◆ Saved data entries
- Opening Delimiter -

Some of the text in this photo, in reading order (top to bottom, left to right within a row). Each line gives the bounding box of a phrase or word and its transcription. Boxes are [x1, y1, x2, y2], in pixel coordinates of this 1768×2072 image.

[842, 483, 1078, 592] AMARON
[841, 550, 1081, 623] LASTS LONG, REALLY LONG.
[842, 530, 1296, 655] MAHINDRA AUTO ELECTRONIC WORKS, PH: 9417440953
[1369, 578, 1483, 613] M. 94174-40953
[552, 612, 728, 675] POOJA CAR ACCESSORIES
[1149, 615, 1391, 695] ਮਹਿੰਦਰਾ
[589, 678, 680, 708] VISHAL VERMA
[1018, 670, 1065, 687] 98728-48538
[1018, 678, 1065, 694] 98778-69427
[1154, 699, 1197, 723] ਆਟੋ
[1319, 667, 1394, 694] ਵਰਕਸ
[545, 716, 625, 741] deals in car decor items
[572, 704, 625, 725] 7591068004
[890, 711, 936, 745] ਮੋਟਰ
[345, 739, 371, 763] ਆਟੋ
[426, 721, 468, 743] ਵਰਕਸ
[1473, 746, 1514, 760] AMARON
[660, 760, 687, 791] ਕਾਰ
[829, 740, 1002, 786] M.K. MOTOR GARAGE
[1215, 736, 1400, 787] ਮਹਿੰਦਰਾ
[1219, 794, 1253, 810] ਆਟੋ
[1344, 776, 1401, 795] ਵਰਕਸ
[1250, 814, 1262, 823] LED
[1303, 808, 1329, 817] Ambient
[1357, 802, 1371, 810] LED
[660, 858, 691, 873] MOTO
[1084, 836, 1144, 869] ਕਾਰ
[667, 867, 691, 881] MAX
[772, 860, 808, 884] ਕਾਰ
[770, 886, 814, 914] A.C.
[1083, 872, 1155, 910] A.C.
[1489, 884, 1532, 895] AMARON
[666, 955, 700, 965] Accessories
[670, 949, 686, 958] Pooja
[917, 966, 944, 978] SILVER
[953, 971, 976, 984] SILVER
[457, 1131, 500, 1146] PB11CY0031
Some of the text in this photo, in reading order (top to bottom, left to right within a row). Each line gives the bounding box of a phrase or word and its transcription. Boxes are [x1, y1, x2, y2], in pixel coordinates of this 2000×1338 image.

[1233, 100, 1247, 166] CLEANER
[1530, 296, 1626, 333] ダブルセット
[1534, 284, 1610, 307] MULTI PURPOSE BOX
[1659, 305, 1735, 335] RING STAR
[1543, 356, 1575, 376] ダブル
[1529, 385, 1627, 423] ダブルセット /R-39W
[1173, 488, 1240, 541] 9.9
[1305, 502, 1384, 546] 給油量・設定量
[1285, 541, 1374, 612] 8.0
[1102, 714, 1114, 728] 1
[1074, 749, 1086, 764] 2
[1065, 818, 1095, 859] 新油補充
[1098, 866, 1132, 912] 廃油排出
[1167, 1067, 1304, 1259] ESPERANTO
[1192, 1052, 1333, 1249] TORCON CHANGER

- Closing Delimiter -

Each line in the data is to be written out precisely.

Some of the text in this photo, in reading order (top to bottom, left to right within a row). Each line gives the bounding box of a phrase or word and its transcription. Boxes are [x1, y1, x2, y2], in pixel coordinates of this 1768×2072 image.

[842, 483, 1078, 592] AMARON
[841, 550, 1081, 623] LASTS LONG, REALLY LONG.
[842, 530, 1296, 655] MAHINDRA AUTO ELECTRONIC WORKS, PH: 9417440953
[1369, 578, 1483, 613] M. 94174-40953
[552, 612, 728, 675] POOJA CAR ACCESSORIES
[1149, 615, 1391, 695] ਮਹਿੰਦਰਾ
[589, 678, 680, 708] VISHAL VERMA
[1018, 670, 1065, 687] 98728-48538
[1018, 678, 1065, 694] 98778-69427
[1154, 699, 1197, 723] ਆਟੋ
[1319, 667, 1394, 694] ਵਰਕਸ
[545, 716, 625, 741] deals in car decor items
[572, 704, 625, 725] 7591068004
[890, 711, 936, 745] ਮੋਟਰ
[345, 739, 371, 763] ਆਟੋ
[426, 721, 468, 743] ਵਰਕਸ
[1473, 746, 1514, 760] AMARON
[660, 760, 687, 791] ਕਾਰ
[829, 740, 1002, 786] M.K. MOTOR GARAGE
[1215, 736, 1400, 787] ਮਹਿੰਦਰਾ
[1219, 794, 1253, 810] ਆਟੋ
[1344, 776, 1401, 795] ਵਰਕਸ
[1250, 814, 1262, 823] LED
[1303, 808, 1329, 817] Ambient
[1357, 802, 1371, 810] LED
[660, 858, 691, 873] MOTO
[1084, 836, 1144, 869] ਕਾਰ
[667, 867, 691, 881] MAX
[772, 860, 808, 884] ਕਾਰ
[770, 886, 814, 914] A.C.
[1083, 872, 1155, 910] A.C.
[1489, 884, 1532, 895] AMARON
[666, 955, 700, 965] Accessories
[670, 949, 686, 958] Pooja
[917, 966, 944, 978] SILVER
[953, 971, 976, 984] SILVER
[457, 1131, 500, 1146] PB11CY0031
Some of the text in this photo, in reading order (top to bottom, left to right within a row). Each line gives the bounding box of a phrase or word and its transcription. Boxes are [x1, y1, x2, y2], in pixel coordinates of this 2000×1338 image.

[1233, 100, 1247, 166] CLEANER
[1530, 296, 1626, 333] ダブルセット
[1534, 284, 1610, 307] MULTI PURPOSE BOX
[1659, 305, 1735, 335] RING STAR
[1543, 356, 1575, 376] ダブル
[1529, 385, 1627, 423] ダブルセット /R-39W
[1173, 488, 1240, 541] 9.9
[1305, 502, 1384, 546] 給油量・設定量
[1285, 541, 1374, 612] 8.0
[1102, 714, 1114, 728] 1
[1074, 749, 1086, 764] 2
[1065, 818, 1095, 859] 新油補充
[1098, 866, 1132, 912] 廃油排出
[1167, 1067, 1304, 1259] ESPERANTO
[1192, 1052, 1333, 1249] TORCON CHANGER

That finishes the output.